=== SUPPLIED DATA ===

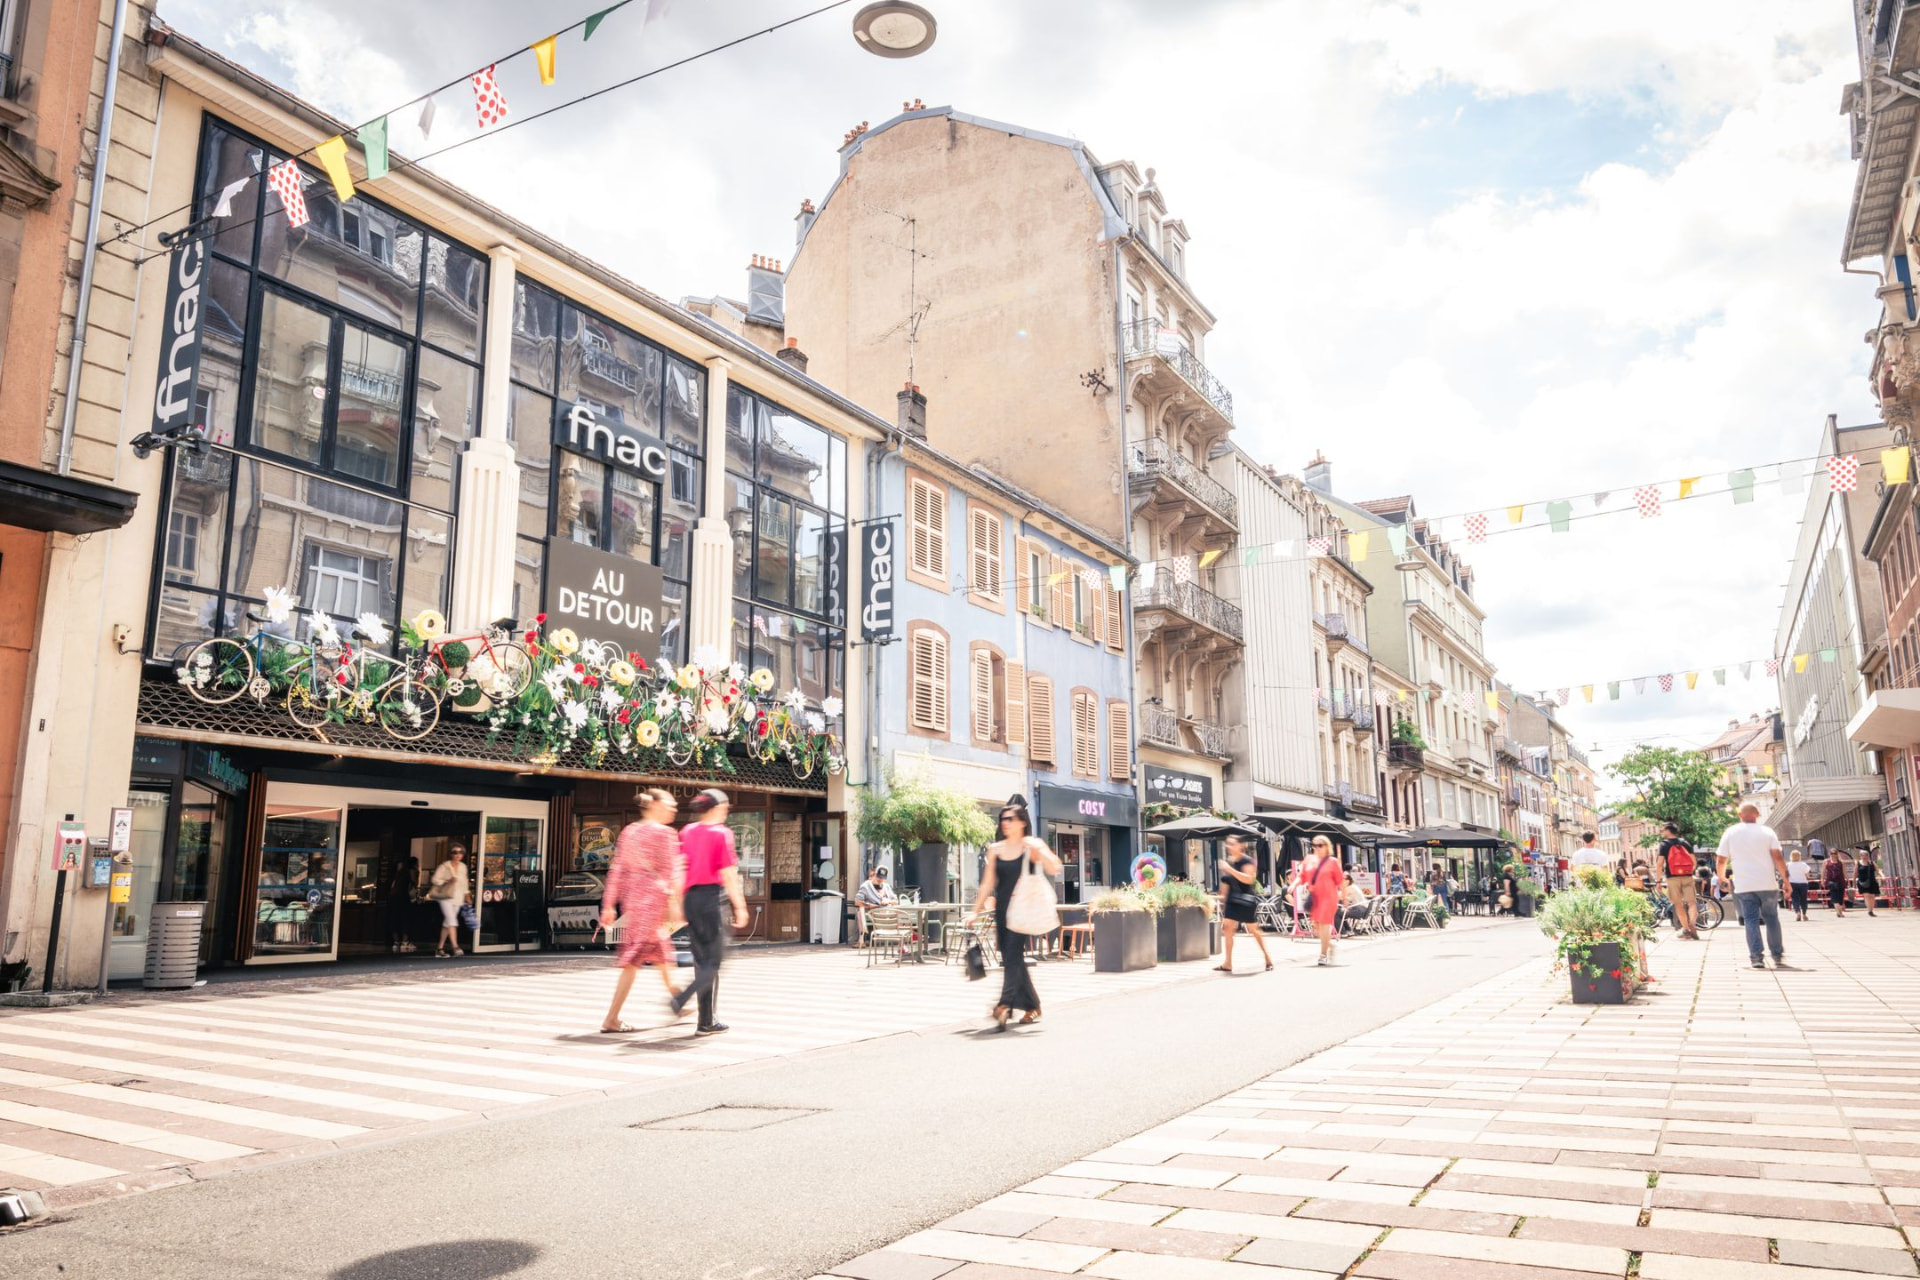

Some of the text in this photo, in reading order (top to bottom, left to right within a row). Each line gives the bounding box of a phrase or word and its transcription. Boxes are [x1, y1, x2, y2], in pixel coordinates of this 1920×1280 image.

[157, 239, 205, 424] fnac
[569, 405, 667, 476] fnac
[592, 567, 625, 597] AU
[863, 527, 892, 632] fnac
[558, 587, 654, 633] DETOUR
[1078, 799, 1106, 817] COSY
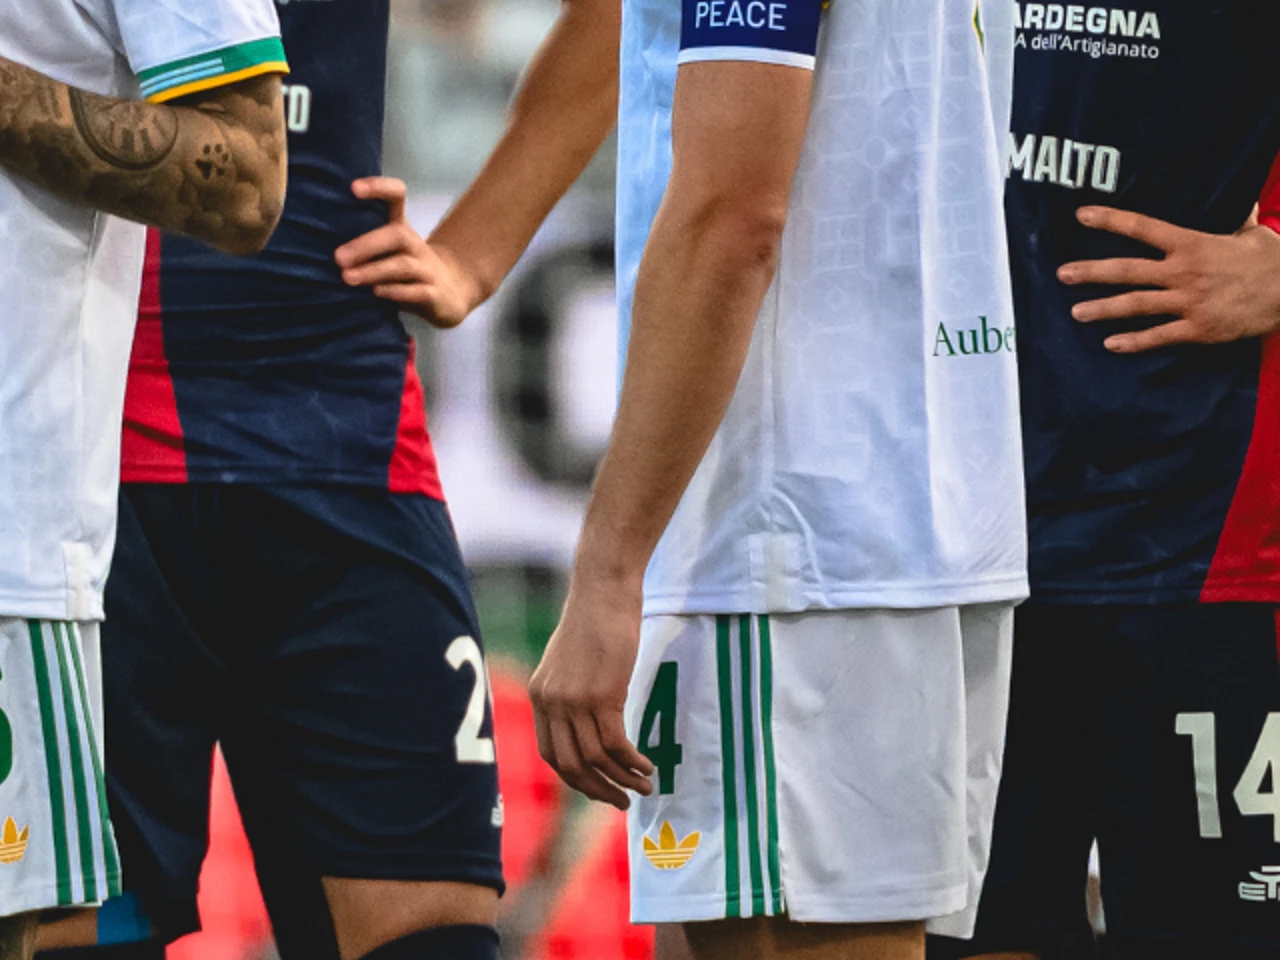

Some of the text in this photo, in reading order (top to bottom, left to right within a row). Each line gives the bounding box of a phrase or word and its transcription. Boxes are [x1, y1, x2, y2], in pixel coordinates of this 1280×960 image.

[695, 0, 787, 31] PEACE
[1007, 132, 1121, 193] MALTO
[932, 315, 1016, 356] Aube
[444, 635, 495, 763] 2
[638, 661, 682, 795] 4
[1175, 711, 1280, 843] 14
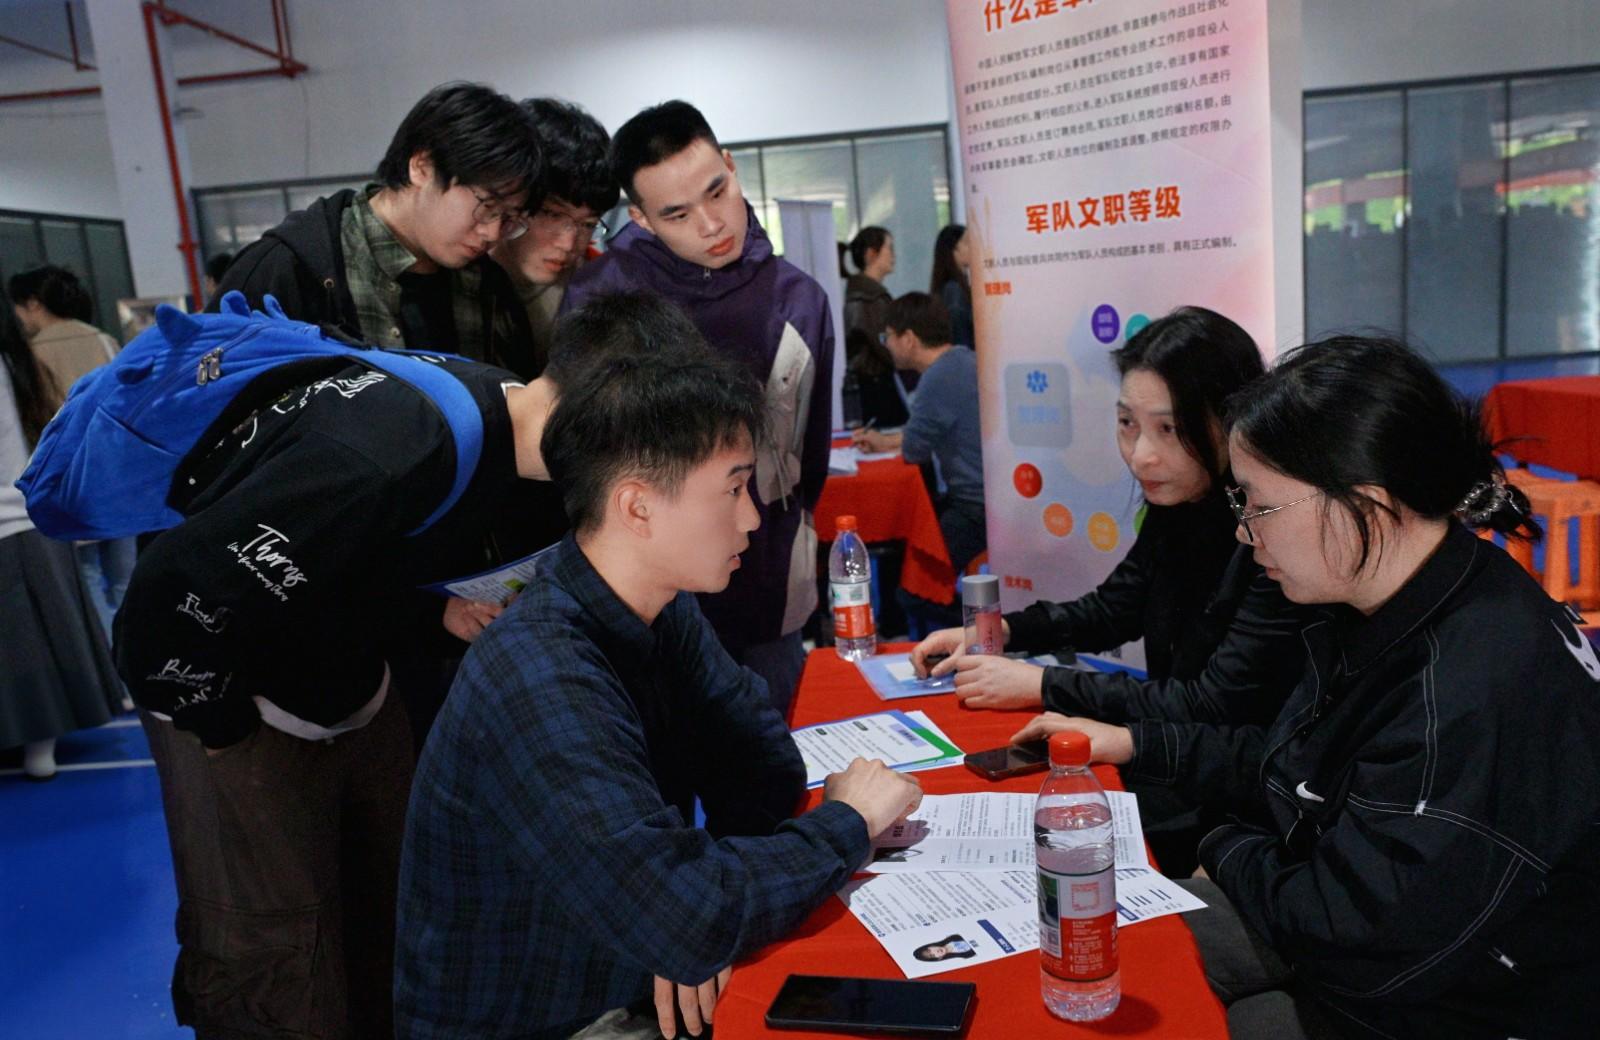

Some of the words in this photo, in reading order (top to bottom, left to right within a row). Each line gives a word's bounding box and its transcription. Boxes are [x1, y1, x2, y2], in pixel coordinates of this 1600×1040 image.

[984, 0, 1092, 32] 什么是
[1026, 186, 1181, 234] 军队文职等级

===

**ACTIVITY**
The required result is an exact repeat of the records above from the line containing "Some of the words" to their final line.

**ANSWER BELOW**
Some of the words in this photo, in reading order (top to bottom, left to right within a row). Each line gives a word's bounding box and its transcription. Boxes are [x1, y1, x2, y2], in pixel coordinates of this 1600×1040 image.

[984, 0, 1092, 32] 什么是
[1026, 186, 1181, 234] 军队文职等级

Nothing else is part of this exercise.